Exercise prompt: So that nothing is lost, restate each entry exactly as supplied.

(Stored data)
*** Begin section ***
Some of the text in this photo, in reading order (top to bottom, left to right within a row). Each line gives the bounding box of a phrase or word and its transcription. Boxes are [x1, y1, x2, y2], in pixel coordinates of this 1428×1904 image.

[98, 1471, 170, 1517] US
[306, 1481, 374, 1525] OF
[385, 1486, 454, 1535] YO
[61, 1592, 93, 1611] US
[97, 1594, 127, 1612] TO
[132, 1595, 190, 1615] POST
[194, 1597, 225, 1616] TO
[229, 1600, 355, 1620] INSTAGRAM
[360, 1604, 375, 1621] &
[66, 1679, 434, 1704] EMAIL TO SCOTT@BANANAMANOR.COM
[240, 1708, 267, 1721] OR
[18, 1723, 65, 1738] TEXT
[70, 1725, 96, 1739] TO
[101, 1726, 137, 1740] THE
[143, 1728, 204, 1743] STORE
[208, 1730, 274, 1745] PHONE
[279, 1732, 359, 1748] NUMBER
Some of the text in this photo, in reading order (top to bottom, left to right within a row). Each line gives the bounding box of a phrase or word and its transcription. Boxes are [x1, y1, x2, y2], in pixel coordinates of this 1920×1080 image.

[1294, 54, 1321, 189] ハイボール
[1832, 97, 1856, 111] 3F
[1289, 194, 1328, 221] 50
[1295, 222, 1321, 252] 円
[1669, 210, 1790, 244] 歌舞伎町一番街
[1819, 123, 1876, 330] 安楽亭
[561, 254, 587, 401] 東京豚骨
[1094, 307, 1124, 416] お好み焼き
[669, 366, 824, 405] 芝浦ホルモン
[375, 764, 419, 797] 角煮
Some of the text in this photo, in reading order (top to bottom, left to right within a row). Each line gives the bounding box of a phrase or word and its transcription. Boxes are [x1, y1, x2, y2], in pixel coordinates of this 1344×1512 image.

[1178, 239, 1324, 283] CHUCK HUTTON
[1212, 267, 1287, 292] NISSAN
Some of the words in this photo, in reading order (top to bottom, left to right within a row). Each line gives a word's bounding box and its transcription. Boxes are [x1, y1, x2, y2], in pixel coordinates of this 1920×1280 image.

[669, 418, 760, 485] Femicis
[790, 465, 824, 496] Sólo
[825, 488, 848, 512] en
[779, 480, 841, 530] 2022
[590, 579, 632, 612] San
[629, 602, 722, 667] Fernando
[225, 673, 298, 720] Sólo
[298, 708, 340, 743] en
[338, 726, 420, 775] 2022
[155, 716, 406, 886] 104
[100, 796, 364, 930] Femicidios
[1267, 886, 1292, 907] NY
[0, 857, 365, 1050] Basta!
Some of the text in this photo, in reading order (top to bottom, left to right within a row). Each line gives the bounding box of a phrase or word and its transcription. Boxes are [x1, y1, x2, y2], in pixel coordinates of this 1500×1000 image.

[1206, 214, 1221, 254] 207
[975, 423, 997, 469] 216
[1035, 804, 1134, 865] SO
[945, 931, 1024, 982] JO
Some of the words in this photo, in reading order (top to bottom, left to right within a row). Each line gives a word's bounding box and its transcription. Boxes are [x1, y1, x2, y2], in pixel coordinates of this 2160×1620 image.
*** End section ***
Task solution:
Some of the text in this photo, in reading order (top to bottom, left to right within a row). Each line gives the bounding box of a phrase or word and its transcription. Boxes are [x1, y1, x2, y2], in pixel coordinates of this 1428×1904 image.

[98, 1471, 170, 1517] US
[306, 1481, 374, 1525] OF
[385, 1486, 454, 1535] YO
[61, 1592, 93, 1611] US
[97, 1594, 127, 1612] TO
[132, 1595, 190, 1615] POST
[194, 1597, 225, 1616] TO
[229, 1600, 355, 1620] INSTAGRAM
[360, 1604, 375, 1621] &
[66, 1679, 434, 1704] EMAIL TO SCOTT@BANANAMANOR.COM
[240, 1708, 267, 1721] OR
[18, 1723, 65, 1738] TEXT
[70, 1725, 96, 1739] TO
[101, 1726, 137, 1740] THE
[143, 1728, 204, 1743] STORE
[208, 1730, 274, 1745] PHONE
[279, 1732, 359, 1748] NUMBER
Some of the text in this photo, in reading order (top to bottom, left to right within a row). Each line gives the bounding box of a phrase or word and its transcription. Boxes are [x1, y1, x2, y2], in pixel coordinates of this 1920×1080 image.

[1294, 54, 1321, 189] ハイボール
[1832, 97, 1856, 111] 3F
[1289, 194, 1328, 221] 50
[1295, 222, 1321, 252] 円
[1669, 210, 1790, 244] 歌舞伎町一番街
[1819, 123, 1876, 330] 安楽亭
[561, 254, 587, 401] 東京豚骨
[1094, 307, 1124, 416] お好み焼き
[669, 366, 824, 405] 芝浦ホルモン
[375, 764, 419, 797] 角煮
Some of the text in this photo, in reading order (top to bottom, left to right within a row). Each line gives the bounding box of a phrase or word and its transcription. Boxes are [x1, y1, x2, y2], in pixel coordinates of this 1344×1512 image.

[1178, 239, 1324, 283] CHUCK HUTTON
[1212, 267, 1287, 292] NISSAN
Some of the words in this photo, in reading order (top to bottom, left to right within a row). Each line gives a word's bounding box and its transcription. Boxes are [x1, y1, x2, y2], in pixel coordinates of this 1920×1280 image.

[669, 418, 760, 485] Femicis
[790, 465, 824, 496] Sólo
[825, 488, 848, 512] en
[779, 480, 841, 530] 2022
[590, 579, 632, 612] San
[629, 602, 722, 667] Fernando
[225, 673, 298, 720] Sólo
[298, 708, 340, 743] en
[338, 726, 420, 775] 2022
[155, 716, 406, 886] 104
[100, 796, 364, 930] Femicidios
[1267, 886, 1292, 907] NY
[0, 857, 365, 1050] Basta!
Some of the text in this photo, in reading order (top to bottom, left to right within a row). Each line gives the bounding box of a phrase or word and its transcription. Boxes are [x1, y1, x2, y2], in pixel coordinates of this 1500×1000 image.

[1206, 214, 1221, 254] 207
[975, 423, 997, 469] 216
[1035, 804, 1134, 865] SO
[945, 931, 1024, 982] JO
Some of the words in this photo, in reading order (top to bottom, left to right within a row). Each line gives a word's bounding box and its transcription. Boxes are [x1, y1, x2, y2], in pixel coordinates of this 2160×1620 image.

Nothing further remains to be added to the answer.